● **Exercise directions**
What the response needs is every record, repeated verbatim, and no images.

(Dataset entries)
....

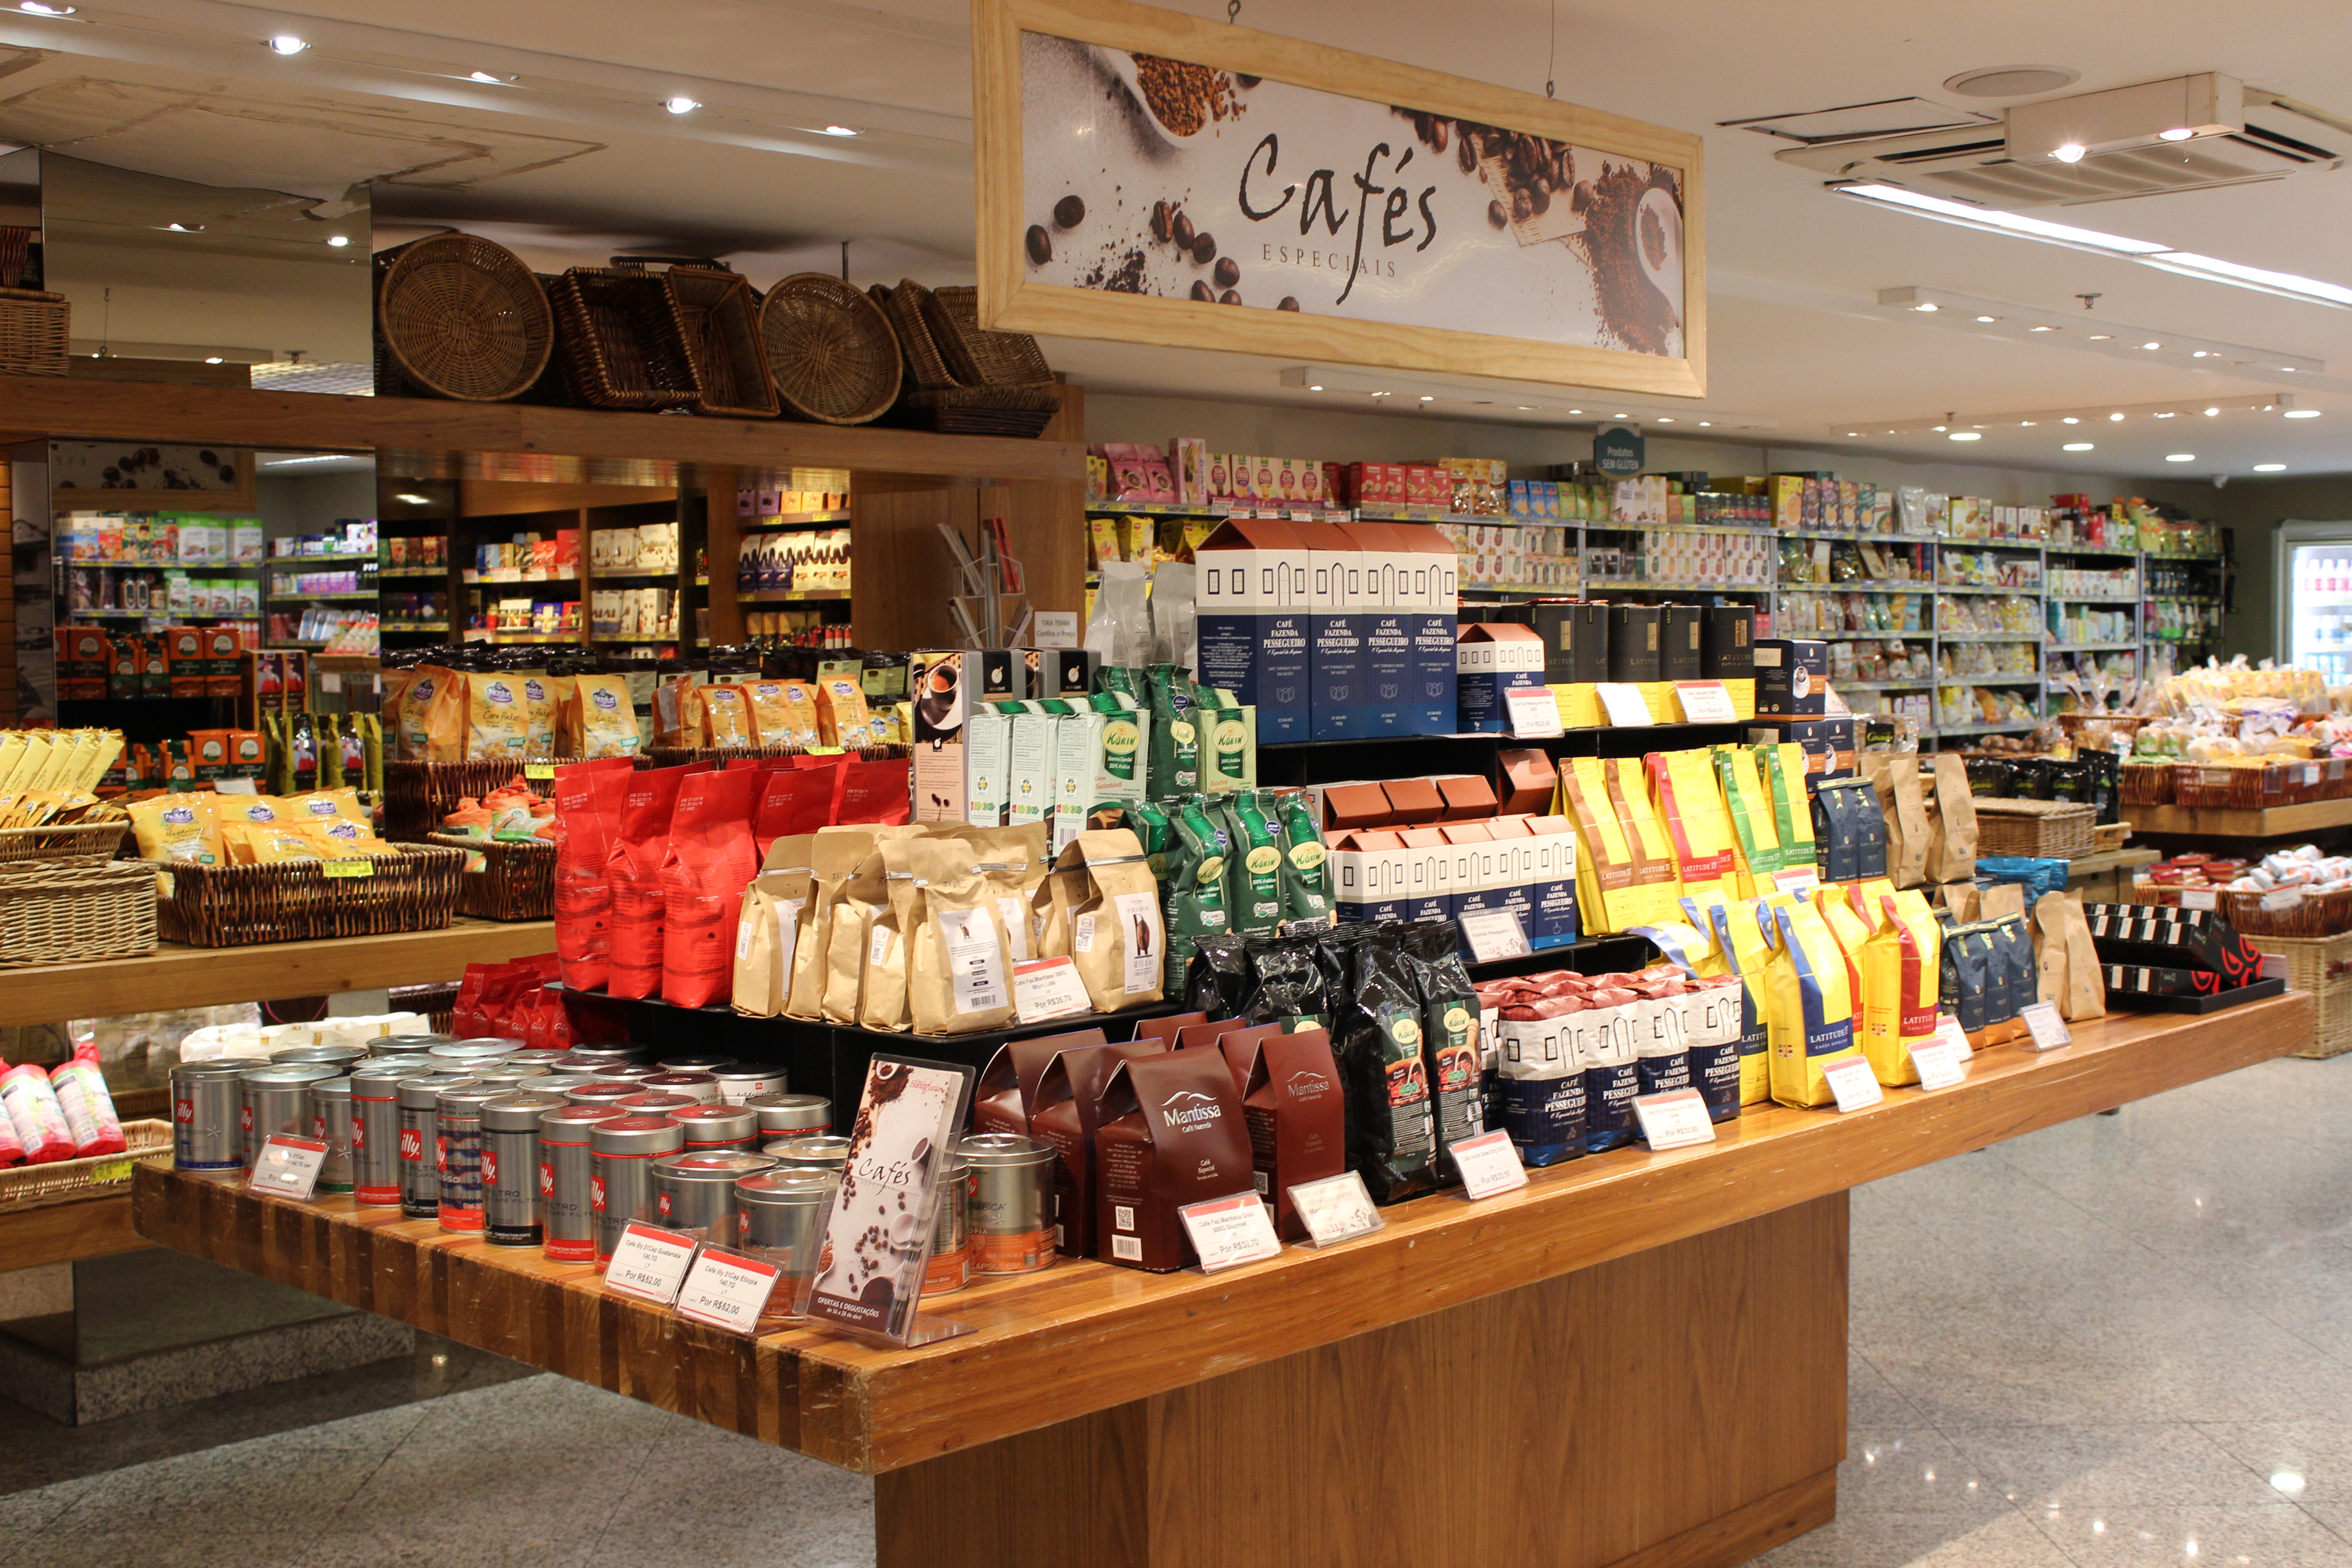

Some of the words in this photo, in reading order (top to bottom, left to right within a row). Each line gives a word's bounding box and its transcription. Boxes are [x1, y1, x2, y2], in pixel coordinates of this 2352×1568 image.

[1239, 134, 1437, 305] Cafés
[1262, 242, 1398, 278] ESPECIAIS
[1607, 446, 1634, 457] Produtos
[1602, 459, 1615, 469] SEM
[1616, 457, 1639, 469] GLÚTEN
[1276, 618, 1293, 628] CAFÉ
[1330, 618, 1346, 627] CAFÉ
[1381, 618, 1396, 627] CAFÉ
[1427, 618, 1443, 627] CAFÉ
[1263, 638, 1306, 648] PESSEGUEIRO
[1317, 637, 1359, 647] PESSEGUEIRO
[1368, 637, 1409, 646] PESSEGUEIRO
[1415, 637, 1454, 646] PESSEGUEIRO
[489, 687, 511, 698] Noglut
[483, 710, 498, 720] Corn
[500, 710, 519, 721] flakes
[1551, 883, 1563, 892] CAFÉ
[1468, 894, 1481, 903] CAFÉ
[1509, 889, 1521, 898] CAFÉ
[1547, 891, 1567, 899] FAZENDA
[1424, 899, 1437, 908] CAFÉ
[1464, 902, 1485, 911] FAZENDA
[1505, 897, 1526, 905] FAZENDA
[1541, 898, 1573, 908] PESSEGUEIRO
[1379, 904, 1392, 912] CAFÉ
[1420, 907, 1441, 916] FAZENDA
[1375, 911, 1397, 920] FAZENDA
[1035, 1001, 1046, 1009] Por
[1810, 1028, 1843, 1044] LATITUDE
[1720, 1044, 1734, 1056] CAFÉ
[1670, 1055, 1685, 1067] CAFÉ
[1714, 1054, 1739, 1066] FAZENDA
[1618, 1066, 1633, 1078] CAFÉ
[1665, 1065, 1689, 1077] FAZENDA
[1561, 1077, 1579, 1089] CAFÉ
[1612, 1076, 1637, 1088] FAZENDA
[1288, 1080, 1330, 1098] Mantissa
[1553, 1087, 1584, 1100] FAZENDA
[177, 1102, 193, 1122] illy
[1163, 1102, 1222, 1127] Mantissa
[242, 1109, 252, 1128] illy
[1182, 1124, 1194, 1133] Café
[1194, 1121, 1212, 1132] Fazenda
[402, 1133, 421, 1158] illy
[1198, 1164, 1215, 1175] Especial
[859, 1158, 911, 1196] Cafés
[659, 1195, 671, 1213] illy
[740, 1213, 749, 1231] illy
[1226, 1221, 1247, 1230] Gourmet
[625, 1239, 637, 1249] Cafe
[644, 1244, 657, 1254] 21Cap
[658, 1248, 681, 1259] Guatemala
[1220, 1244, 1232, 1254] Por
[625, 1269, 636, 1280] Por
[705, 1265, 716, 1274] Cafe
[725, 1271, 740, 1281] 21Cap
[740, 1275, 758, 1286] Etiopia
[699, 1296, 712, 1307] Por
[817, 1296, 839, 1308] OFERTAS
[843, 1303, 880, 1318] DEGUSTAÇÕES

....

● **Output for this task**
Some of the words in this photo, in reading order (top to bottom, left to right within a row). Each line gives a word's bounding box and its transcription. Boxes are [x1, y1, x2, y2], in pixel coordinates of this 2352×1568 image.

[1239, 134, 1437, 305] Cafés
[1262, 242, 1398, 278] ESPECIAIS
[1607, 446, 1634, 457] Produtos
[1602, 459, 1615, 469] SEM
[1616, 457, 1639, 469] GLÚTEN
[1276, 618, 1293, 628] CAFÉ
[1330, 618, 1346, 627] CAFÉ
[1381, 618, 1396, 627] CAFÉ
[1427, 618, 1443, 627] CAFÉ
[1263, 638, 1306, 648] PESSEGUEIRO
[1317, 637, 1359, 647] PESSEGUEIRO
[1368, 637, 1409, 646] PESSEGUEIRO
[1415, 637, 1454, 646] PESSEGUEIRO
[489, 687, 511, 698] Noglut
[483, 710, 498, 720] Corn
[500, 710, 519, 721] flakes
[1551, 883, 1563, 892] CAFÉ
[1468, 894, 1481, 903] CAFÉ
[1509, 889, 1521, 898] CAFÉ
[1547, 891, 1567, 899] FAZENDA
[1424, 899, 1437, 908] CAFÉ
[1464, 902, 1485, 911] FAZENDA
[1505, 897, 1526, 905] FAZENDA
[1541, 898, 1573, 908] PESSEGUEIRO
[1379, 904, 1392, 912] CAFÉ
[1420, 907, 1441, 916] FAZENDA
[1375, 911, 1397, 920] FAZENDA
[1035, 1001, 1046, 1009] Por
[1810, 1028, 1843, 1044] LATITUDE
[1720, 1044, 1734, 1056] CAFÉ
[1670, 1055, 1685, 1067] CAFÉ
[1714, 1054, 1739, 1066] FAZENDA
[1618, 1066, 1633, 1078] CAFÉ
[1665, 1065, 1689, 1077] FAZENDA
[1561, 1077, 1579, 1089] CAFÉ
[1612, 1076, 1637, 1088] FAZENDA
[1288, 1080, 1330, 1098] Mantissa
[1553, 1087, 1584, 1100] FAZENDA
[177, 1102, 193, 1122] illy
[1163, 1102, 1222, 1127] Mantissa
[242, 1109, 252, 1128] illy
[1182, 1124, 1194, 1133] Café
[1194, 1121, 1212, 1132] Fazenda
[402, 1133, 421, 1158] illy
[1198, 1164, 1215, 1175] Especial
[859, 1158, 911, 1196] Cafés
[659, 1195, 671, 1213] illy
[740, 1213, 749, 1231] illy
[1226, 1221, 1247, 1230] Gourmet
[625, 1239, 637, 1249] Cafe
[644, 1244, 657, 1254] 21Cap
[658, 1248, 681, 1259] Guatemala
[1220, 1244, 1232, 1254] Por
[625, 1269, 636, 1280] Por
[705, 1265, 716, 1274] Cafe
[725, 1271, 740, 1281] 21Cap
[740, 1275, 758, 1286] Etiopia
[699, 1296, 712, 1307] Por
[817, 1296, 839, 1308] OFERTAS
[843, 1303, 880, 1318] DEGUSTAÇÕES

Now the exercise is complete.